The 2020–21 season was FC Rostov's 91st season in existence and the club's 12th consecutive season in the top flight of Russian football. In addition to the domestic league, Rostov participated in this season's editions of the Russian Cup and the UEFA Europa League. The season covers the period from 1 August 2020 to 30 June 2021. Rostov finished the season in 9th place, reached the Round of 16 of the Russian Cup and where knocked out of the UEFA Europa League at the third round stage.

Season events
On 4 August, Rostov announced the signing of Aleksandr Smirnov.

On 10 August, Aleksandr Zuyev moved permanently to Rubin Kazan, where he'd been on loan at the previous season.

On 14 August, Danila Vedernikov joined Volgar Astrakhan on a season-long loan deal, and Björn Bergmann Sigurðarson left the club to re-join Lillestrøm.

On 15 August, Danila Proshlyakov joined Torpedo Moscow on a season-long loan deal.

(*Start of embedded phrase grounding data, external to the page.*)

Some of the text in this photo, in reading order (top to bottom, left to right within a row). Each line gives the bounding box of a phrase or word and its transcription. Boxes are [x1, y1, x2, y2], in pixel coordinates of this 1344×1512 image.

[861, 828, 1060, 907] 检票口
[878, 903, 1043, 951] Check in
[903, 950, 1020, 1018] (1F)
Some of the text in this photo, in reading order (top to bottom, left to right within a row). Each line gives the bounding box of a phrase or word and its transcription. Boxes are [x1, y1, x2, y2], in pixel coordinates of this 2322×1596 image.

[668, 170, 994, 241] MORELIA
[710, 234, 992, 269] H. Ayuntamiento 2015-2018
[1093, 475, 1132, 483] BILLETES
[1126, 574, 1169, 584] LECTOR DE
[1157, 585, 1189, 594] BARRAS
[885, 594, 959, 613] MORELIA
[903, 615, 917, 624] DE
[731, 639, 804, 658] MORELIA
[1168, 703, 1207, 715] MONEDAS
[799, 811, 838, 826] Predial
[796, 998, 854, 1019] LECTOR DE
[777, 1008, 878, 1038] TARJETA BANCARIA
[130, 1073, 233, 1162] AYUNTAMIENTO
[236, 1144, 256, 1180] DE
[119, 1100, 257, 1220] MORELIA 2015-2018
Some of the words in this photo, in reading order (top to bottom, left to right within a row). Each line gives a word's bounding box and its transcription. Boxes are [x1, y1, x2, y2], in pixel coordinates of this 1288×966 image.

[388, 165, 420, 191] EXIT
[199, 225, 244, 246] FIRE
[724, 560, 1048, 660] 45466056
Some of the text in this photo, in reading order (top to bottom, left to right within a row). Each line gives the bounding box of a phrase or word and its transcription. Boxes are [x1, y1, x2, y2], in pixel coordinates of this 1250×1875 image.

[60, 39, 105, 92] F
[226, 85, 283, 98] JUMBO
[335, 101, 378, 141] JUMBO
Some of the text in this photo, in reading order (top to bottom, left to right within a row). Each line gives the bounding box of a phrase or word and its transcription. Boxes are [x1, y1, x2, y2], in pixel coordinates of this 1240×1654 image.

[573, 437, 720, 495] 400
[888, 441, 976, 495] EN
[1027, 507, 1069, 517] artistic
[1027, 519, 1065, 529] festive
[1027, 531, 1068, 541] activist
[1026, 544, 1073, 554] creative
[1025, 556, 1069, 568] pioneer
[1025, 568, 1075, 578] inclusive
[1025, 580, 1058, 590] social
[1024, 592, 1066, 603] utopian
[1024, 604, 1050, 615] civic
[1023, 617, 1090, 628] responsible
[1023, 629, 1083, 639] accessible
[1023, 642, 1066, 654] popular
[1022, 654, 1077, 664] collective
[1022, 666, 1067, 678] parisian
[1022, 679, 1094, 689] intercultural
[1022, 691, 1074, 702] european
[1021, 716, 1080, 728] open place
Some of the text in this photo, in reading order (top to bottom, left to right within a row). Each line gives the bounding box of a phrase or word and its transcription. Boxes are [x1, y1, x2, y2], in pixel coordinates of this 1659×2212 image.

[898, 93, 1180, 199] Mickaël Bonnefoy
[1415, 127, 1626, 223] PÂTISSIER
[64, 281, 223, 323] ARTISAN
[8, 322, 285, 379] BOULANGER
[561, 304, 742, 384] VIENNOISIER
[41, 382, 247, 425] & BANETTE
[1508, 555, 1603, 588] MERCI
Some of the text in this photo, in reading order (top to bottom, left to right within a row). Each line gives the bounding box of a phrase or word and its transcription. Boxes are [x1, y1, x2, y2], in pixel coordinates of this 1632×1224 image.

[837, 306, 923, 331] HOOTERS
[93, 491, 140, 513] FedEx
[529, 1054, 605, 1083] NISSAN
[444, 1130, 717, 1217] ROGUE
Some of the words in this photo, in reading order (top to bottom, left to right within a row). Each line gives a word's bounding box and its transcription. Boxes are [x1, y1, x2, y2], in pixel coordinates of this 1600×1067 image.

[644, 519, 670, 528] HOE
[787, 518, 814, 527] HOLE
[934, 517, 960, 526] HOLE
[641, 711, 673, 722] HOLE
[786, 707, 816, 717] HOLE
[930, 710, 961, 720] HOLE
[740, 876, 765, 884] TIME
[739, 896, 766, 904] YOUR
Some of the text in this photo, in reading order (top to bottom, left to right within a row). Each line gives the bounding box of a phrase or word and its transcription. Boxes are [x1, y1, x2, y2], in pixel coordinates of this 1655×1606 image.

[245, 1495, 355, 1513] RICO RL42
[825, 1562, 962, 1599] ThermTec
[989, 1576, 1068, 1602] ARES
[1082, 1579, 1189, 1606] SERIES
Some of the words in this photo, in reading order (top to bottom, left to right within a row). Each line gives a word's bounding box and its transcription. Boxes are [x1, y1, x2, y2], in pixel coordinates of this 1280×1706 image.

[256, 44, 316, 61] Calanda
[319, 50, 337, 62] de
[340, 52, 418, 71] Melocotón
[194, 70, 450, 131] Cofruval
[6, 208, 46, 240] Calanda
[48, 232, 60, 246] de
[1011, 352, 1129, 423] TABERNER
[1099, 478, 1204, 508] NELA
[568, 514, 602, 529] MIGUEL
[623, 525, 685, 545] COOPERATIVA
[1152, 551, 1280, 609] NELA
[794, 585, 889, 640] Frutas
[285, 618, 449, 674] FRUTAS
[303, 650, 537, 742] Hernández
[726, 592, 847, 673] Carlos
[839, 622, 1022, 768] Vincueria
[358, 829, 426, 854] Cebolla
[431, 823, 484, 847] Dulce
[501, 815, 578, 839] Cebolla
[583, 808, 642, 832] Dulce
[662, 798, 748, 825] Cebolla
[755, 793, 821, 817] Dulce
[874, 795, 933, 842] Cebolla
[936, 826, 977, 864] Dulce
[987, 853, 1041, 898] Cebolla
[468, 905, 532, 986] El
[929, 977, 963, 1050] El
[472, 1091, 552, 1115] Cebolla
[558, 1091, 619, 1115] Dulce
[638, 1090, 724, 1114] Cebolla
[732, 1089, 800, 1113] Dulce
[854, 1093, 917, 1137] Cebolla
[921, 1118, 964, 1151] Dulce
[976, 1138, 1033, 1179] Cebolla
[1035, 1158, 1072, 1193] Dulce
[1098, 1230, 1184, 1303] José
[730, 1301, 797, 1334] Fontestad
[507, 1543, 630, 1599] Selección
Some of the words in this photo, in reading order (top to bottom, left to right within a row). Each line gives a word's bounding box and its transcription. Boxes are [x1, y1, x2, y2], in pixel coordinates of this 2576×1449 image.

On 20 August, Rostov announced that Saeid Ezatolahi had left the club to sign for Vejle, and that Aleksandr Saplinov had Rotor Volgograd on a season-long loan deal, with Rostov retaining the possibility of recalling Saplinov during the winter transfer window.

On 23 August, Rostov and Sochi agreed a swap deal with Ivelin Popov joining Sochi and Dmitry Poloz returning to Rostov.

On 2 September, Rostov announced that Aleksandr Pavlovets would join Rostov when his Dynamo Brest contract expires.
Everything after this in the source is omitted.